The response should return an object like the one below for each token in the sentence:

{
      "text": {
        "content": "Joanne",
        "beginOffset": -1
      },
      "partOfSpeech": {
        "tag": "NOUN"
      },
      "dependencyEdge": {
        "headTokenIndex": 1,
        "label": "NN"
      },
      "lemma": "Joanne"
}

Let's break down the response. partOfSpeech tells us that "Joanne" is a noun. dependencyEdge includes data that you can use to create a dependency parse tree of the text. Essentially, this is a diagram showing how words in a sentence relate to each other. A dependency parse tree for the sentence above would look like this:

The headTokenIndex in our response above is the index of the token that has an arc pointing at "Joanne". We can think of each token in the sentence as a word in an array, and the headTokenIndex of 1 for "Joanne" refers to the word "Rowling," which it is connected to in the tree. The label NN (short for noun compound modifier) describes the word's role in the sentence. "Joanne" modifies "Rowling," the subject of the sentence. lemma is the canonical form of the word. For example, the words run, runs, ran, and running all have a lemma of run. The lemma value is useful for tracking occurrences of a word in a large piece of text over time.

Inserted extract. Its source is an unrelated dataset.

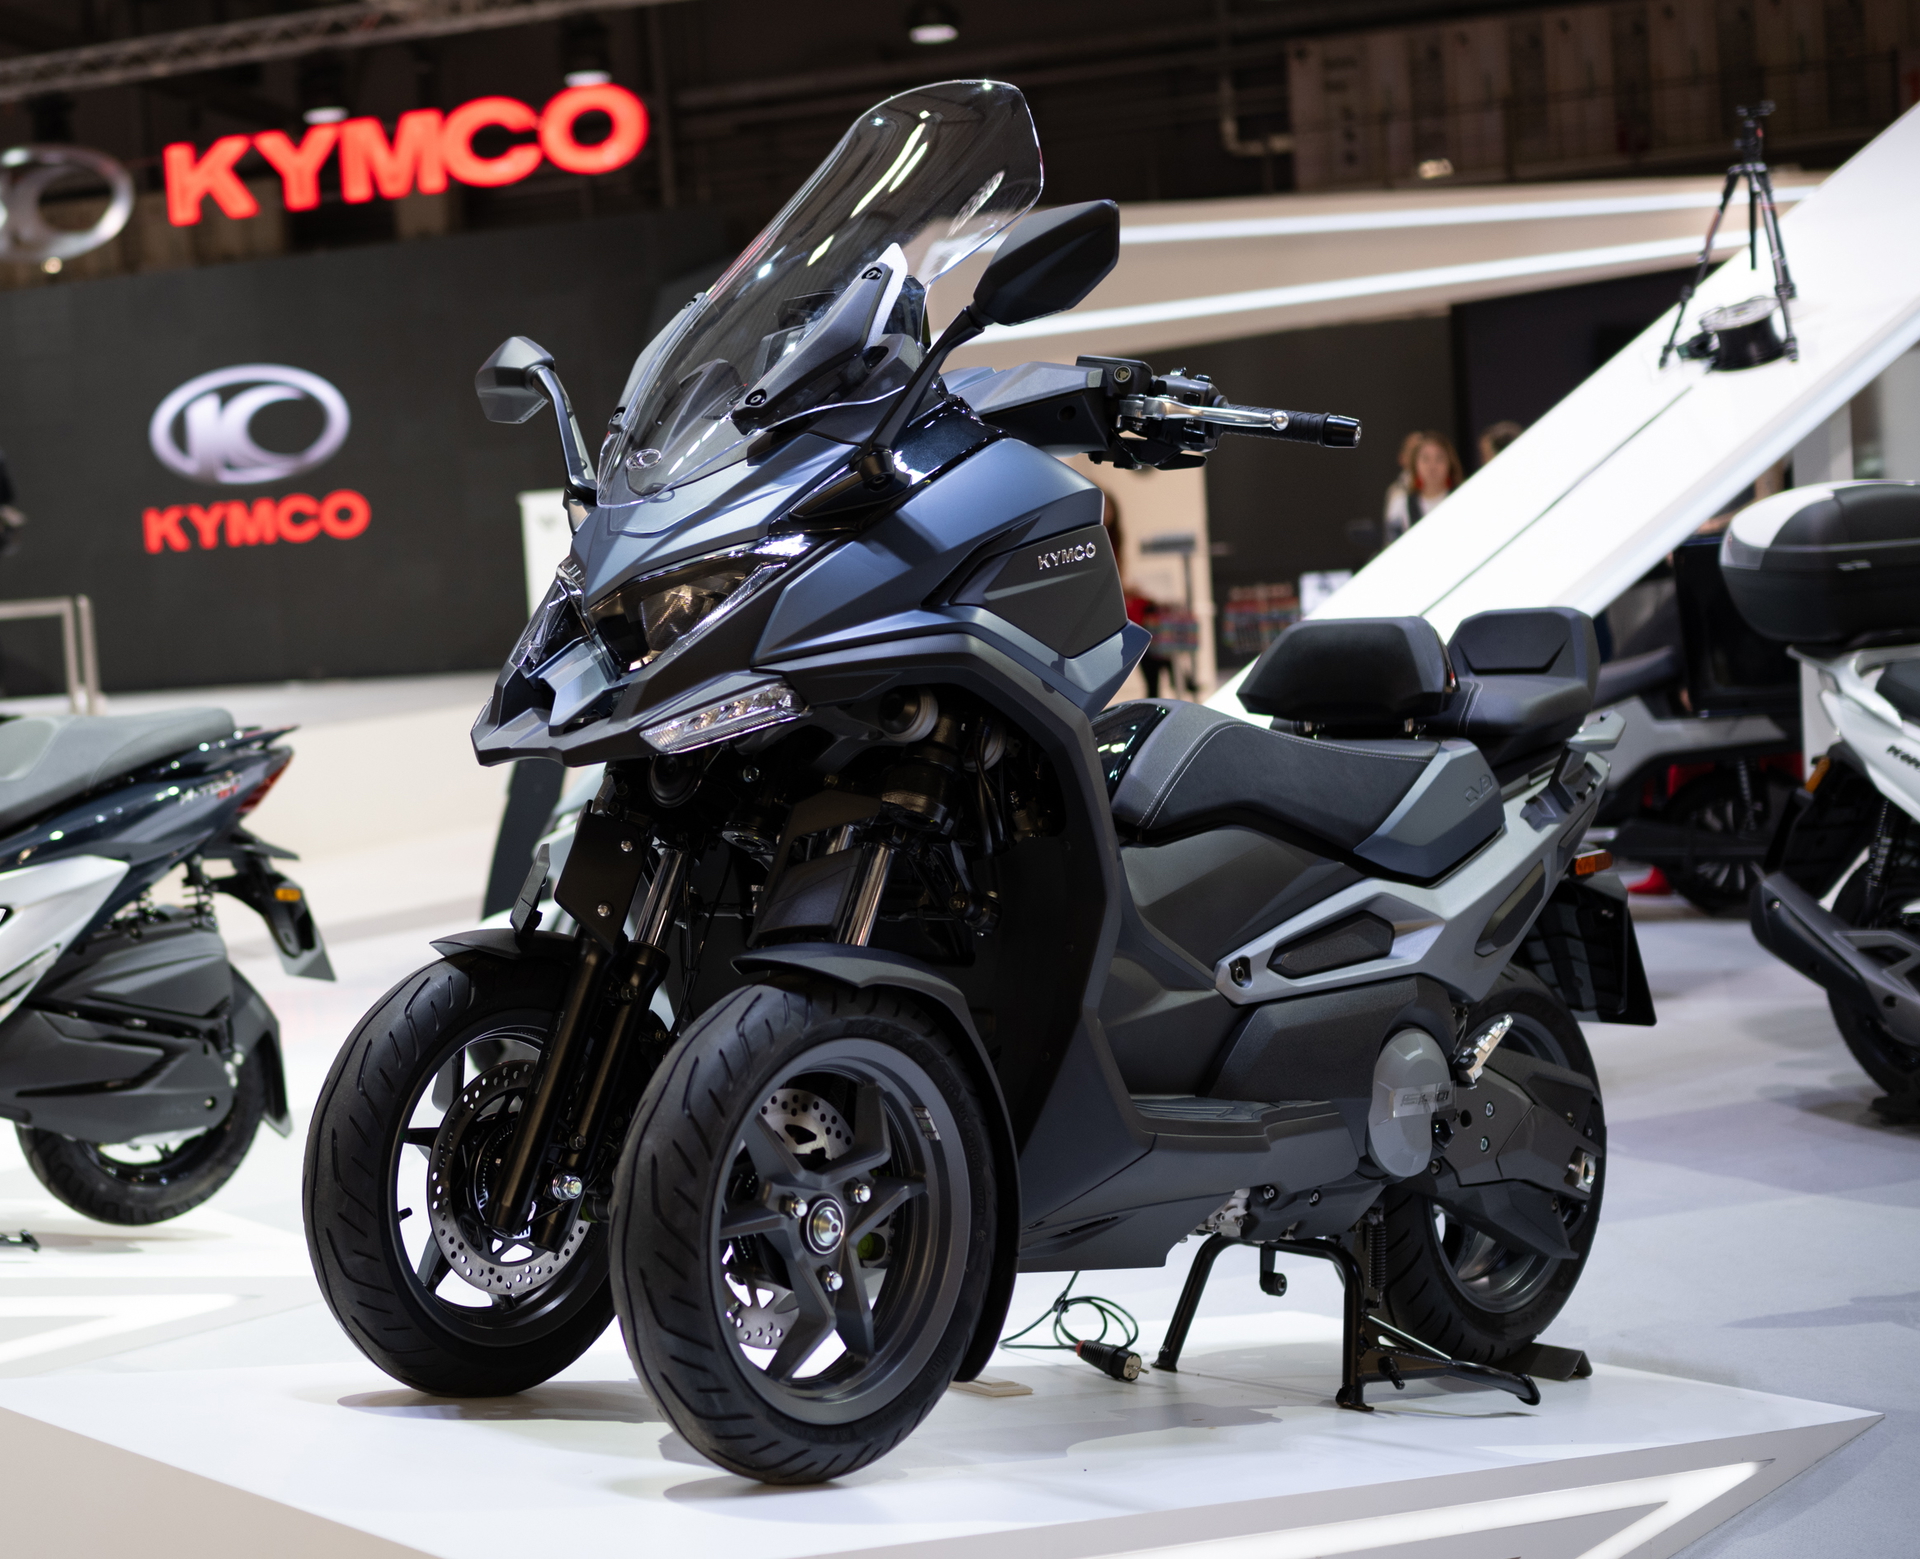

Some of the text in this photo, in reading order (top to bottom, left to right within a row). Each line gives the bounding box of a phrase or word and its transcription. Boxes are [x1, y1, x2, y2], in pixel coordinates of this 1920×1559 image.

The Natural Language API also supports languages other than English (full list here). Let's try the following entity request with a sentence in Japanese:

request.json

{
  "document":{
    "type":"PLAIN_TEXT",
    "content":"日本のグーグルのオフィスは、東京の六本木ヒルズにあります"
  }
}

Notice that we didn't tell the API which language our text is, it can automatically detect it. Next, we'll send it to the analyzeEntities endpoint:

curl "https://language.googleapis.com/v1/documents:analyzeEntities?key=${API_KEY}" \
  -s -X POST -H "Content-Type: application/json" --data-binary @request.json

And we get the following response:

{
  "entities": [
    {
      "name": "日本",
      "type": "LOCATION",
      "metadata": {
        "wikipedia_url": "http://ja.wikipedia.org/wiki/%E6%97%A5%E6%9C%AC"
      },
      "salience": 0,
      "mentions": [
        {
          "text": {
            "content": "日本",
            "beginOffset": -1
          }
        }
      ]
    },
    {
      "name": "東京",
      "type": "LOCATION",
      "metadata": {
        "wikipedia_url": "http://ja.wikipedia.org/wiki/%E6%9D%B1%E4%BA%AC"
      },
      "salience": 0,
      "mentions": [
        {
          "text": {
            "content": "東京",
            "beginOffset": -1
          }
        }
      ]
    },
    {
      "name": "六本木ヒルズ",
      "type": "LOCATION",
      "metadata": {
        "wikipedia_url": "http://ja.wikipedia.org/wiki/%E5%85%AD%E6%9C%AC%E6%9C%A8%E3%83%92%E3%83%AB%E3%82%BA"
      },
      "salience": 0,
      "mentions": [
        {
          "text": {
            "content": "六本木ヒルズ",
            "beginOffset": -1
          }
        }
      ]
    }
  ],
  "language": "ja"
}

The wikipedia URLs even point to the Japanese Wikipedia pages, cool!

You've learned how to perform text analysis with the Cloud Natural Language API by extracting entities, analyzing sentiment, and doing syntax annotation.